• [WORK TO COMPLETE]:
Print the entries verbatim, leaving out the images they contain.

• [DATASET RECORDS]:
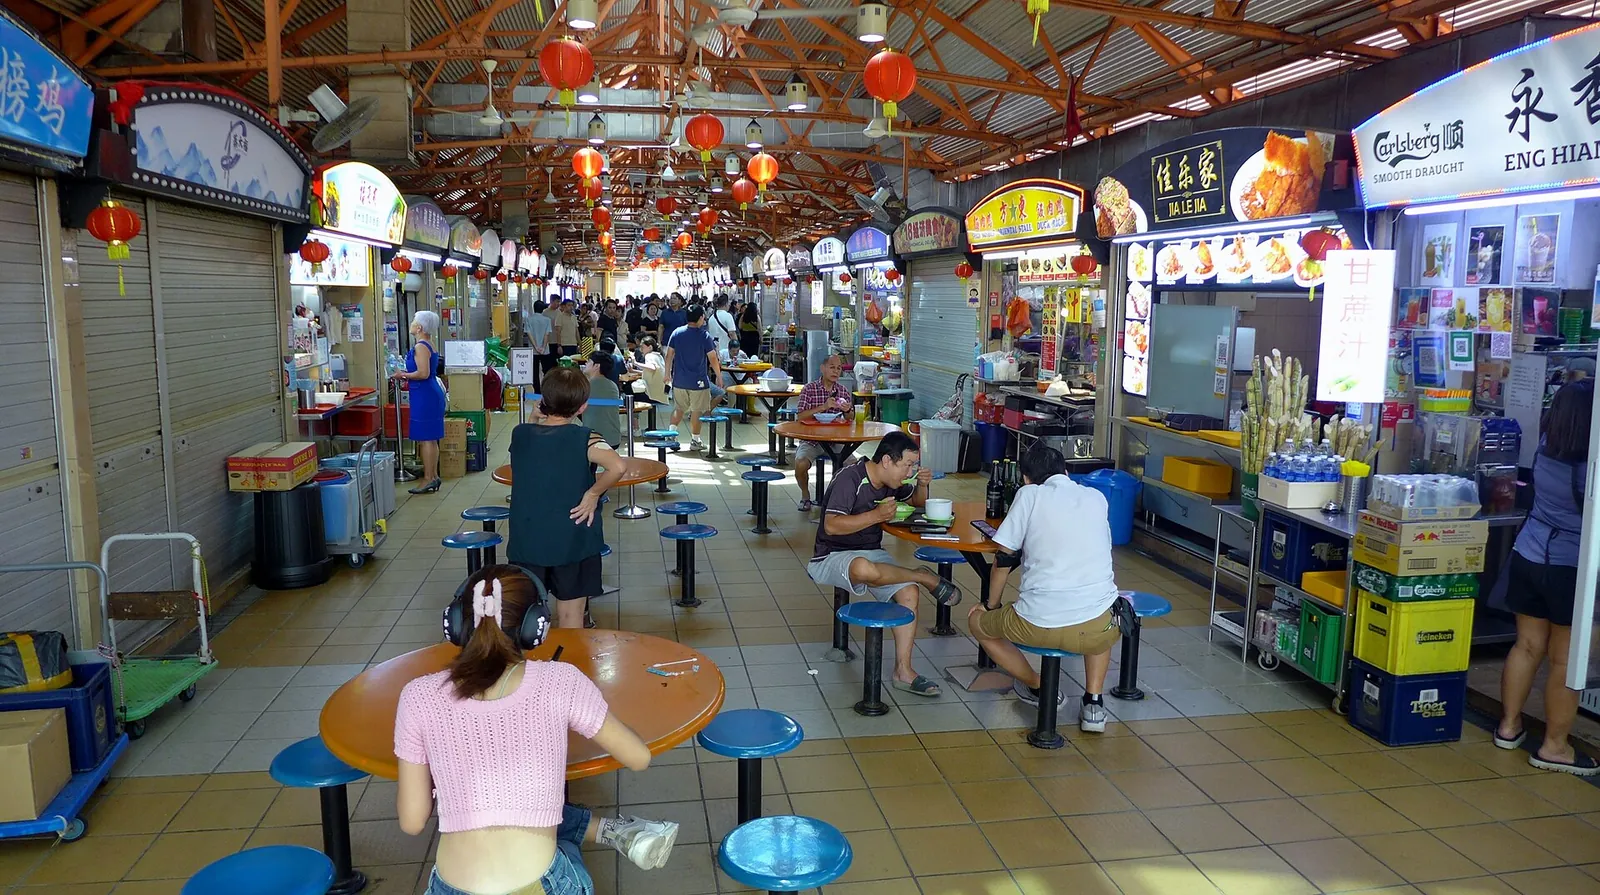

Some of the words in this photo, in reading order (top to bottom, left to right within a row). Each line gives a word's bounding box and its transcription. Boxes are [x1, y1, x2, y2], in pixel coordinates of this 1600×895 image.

[1373, 126, 1440, 163] Carlsberg
[1156, 147, 1218, 194] 佳乐家
[1504, 150, 1546, 172] ENG
[1373, 170, 1412, 184] SMOOTH
[1415, 162, 1464, 178] DRAUGHT
[1168, 202, 1181, 218] JIA
[1182, 200, 1193, 215] LE
[1194, 197, 1208, 213] JIA
[1339, 258, 1376, 359] 甘蔗汁
[1414, 584, 1446, 597] Carlsberg
[1418, 632, 1452, 642] Heineken
[1410, 700, 1447, 717] Tiger
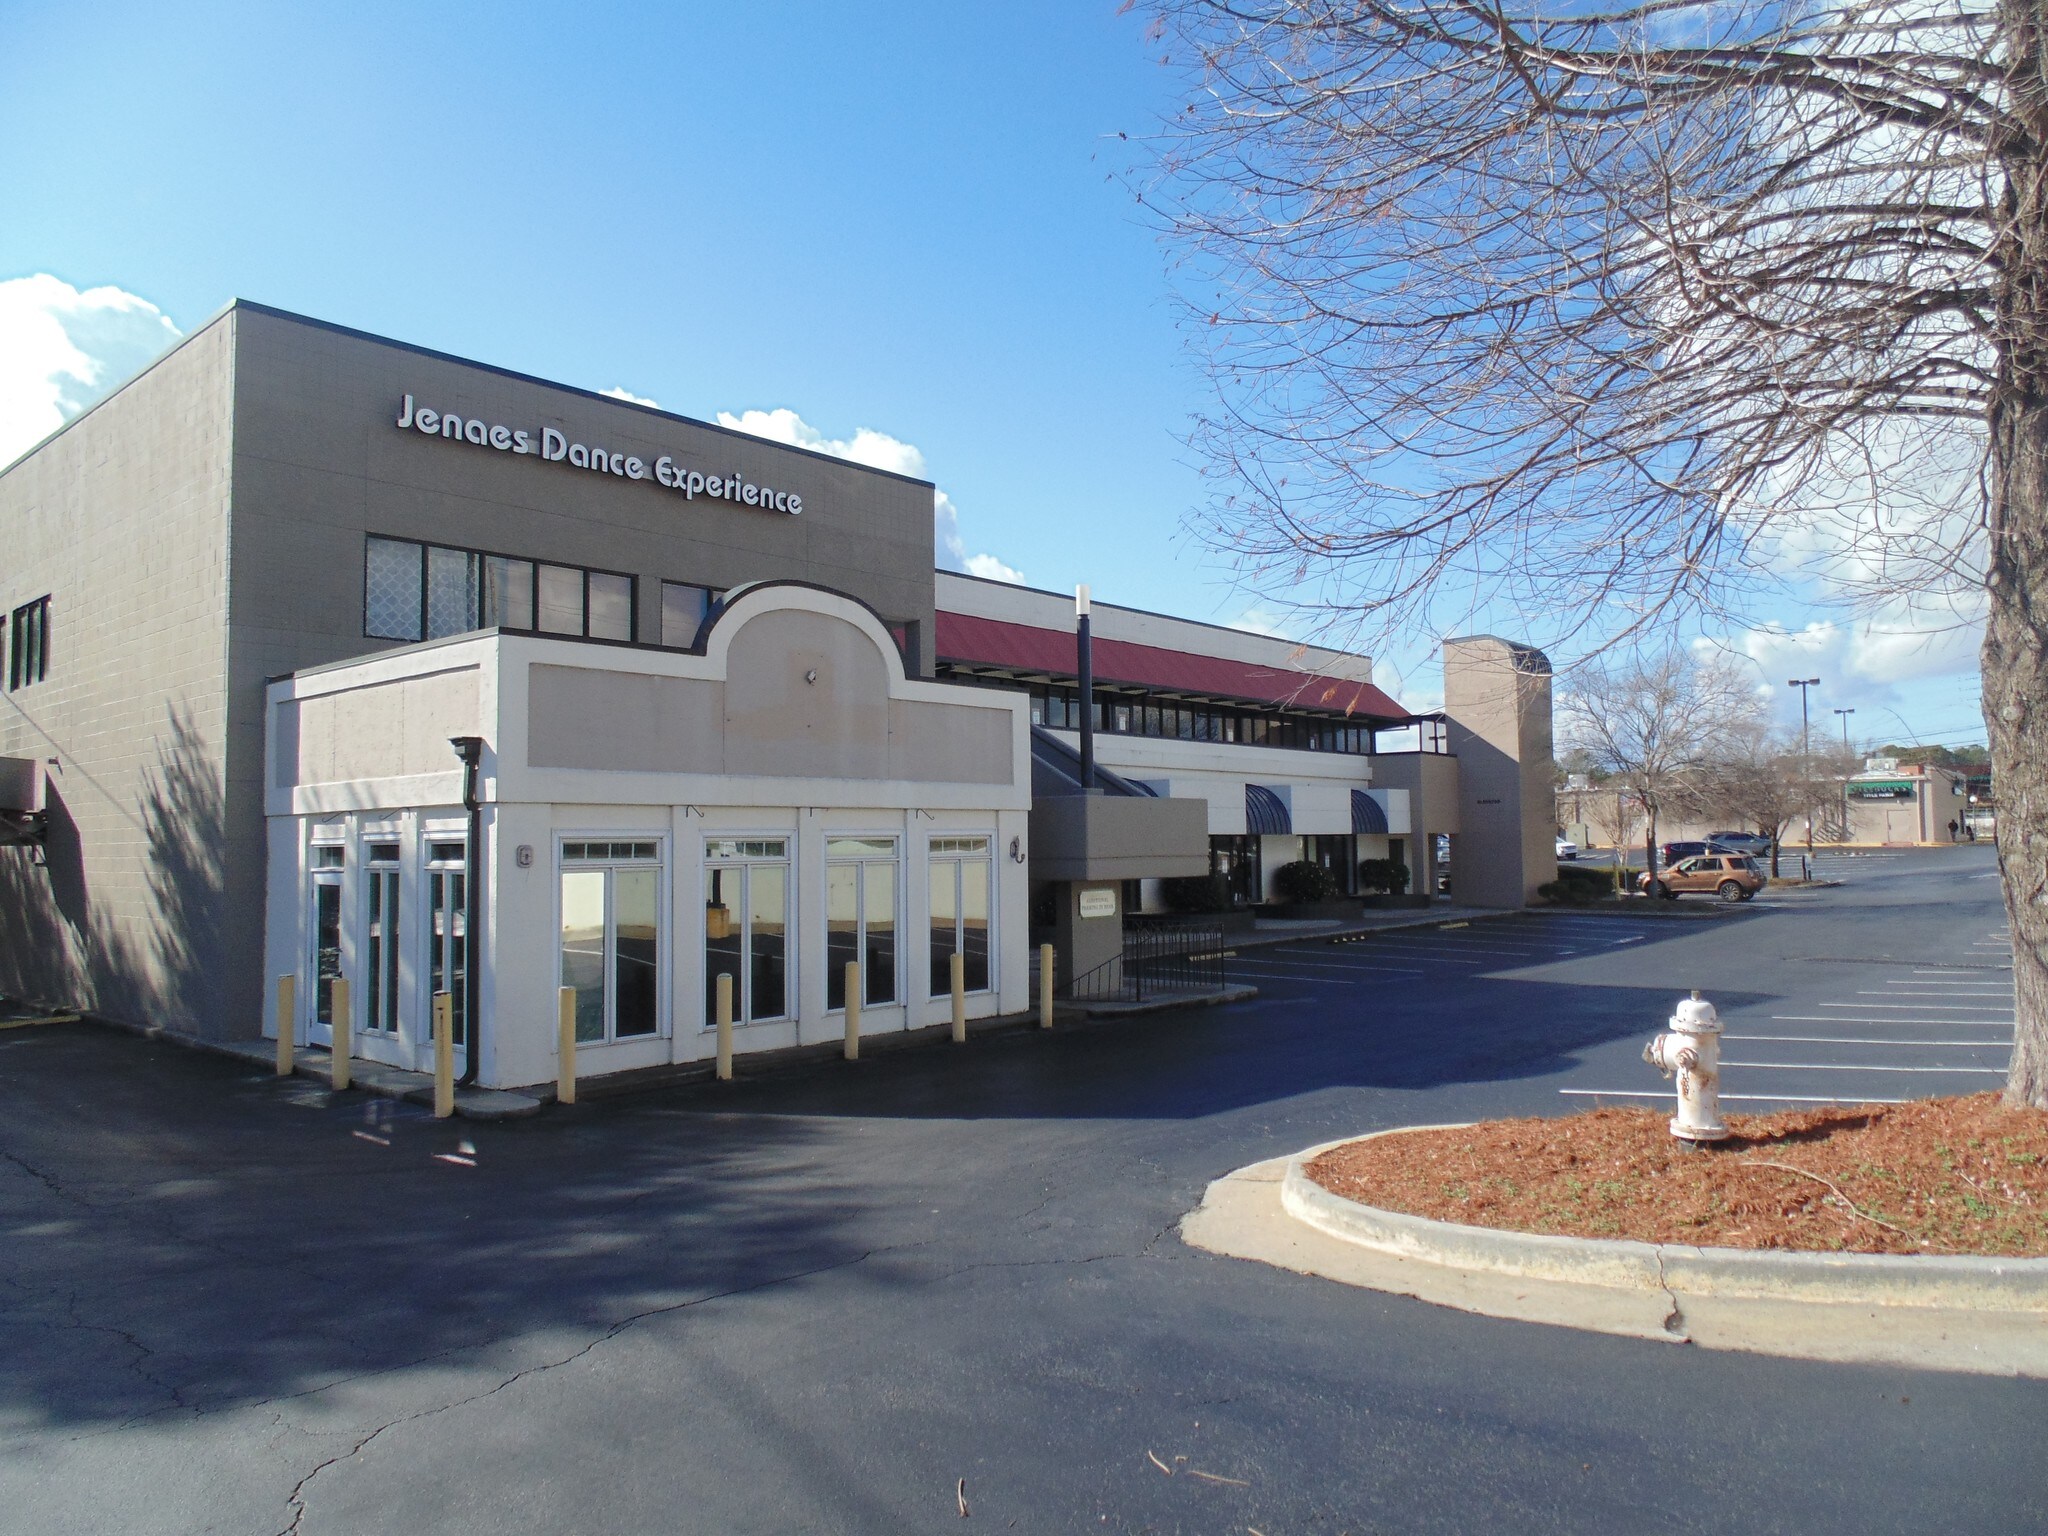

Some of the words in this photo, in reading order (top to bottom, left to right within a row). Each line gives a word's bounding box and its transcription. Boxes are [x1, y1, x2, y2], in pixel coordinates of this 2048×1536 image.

[397, 394, 530, 455] Jenaes
[540, 426, 646, 481] Dance
[654, 456, 803, 516] Experience

• [TASK ANSWER]:
Some of the words in this photo, in reading order (top to bottom, left to right within a row). Each line gives a word's bounding box and its transcription. Boxes are [x1, y1, x2, y2], in pixel coordinates of this 1600×895 image.

[1373, 126, 1440, 163] Carlsberg
[1156, 147, 1218, 194] 佳乐家
[1504, 150, 1546, 172] ENG
[1373, 170, 1412, 184] SMOOTH
[1415, 162, 1464, 178] DRAUGHT
[1168, 202, 1181, 218] JIA
[1182, 200, 1193, 215] LE
[1194, 197, 1208, 213] JIA
[1339, 258, 1376, 359] 甘蔗汁
[1414, 584, 1446, 597] Carlsberg
[1418, 632, 1452, 642] Heineken
[1410, 700, 1447, 717] Tiger

Some of the words in this photo, in reading order (top to bottom, left to right within a row). Each line gives a word's bounding box and its transcription. Boxes are [x1, y1, x2, y2], in pixel coordinates of this 2048×1536 image.

[397, 394, 530, 455] Jenaes
[540, 426, 646, 481] Dance
[654, 456, 803, 516] Experience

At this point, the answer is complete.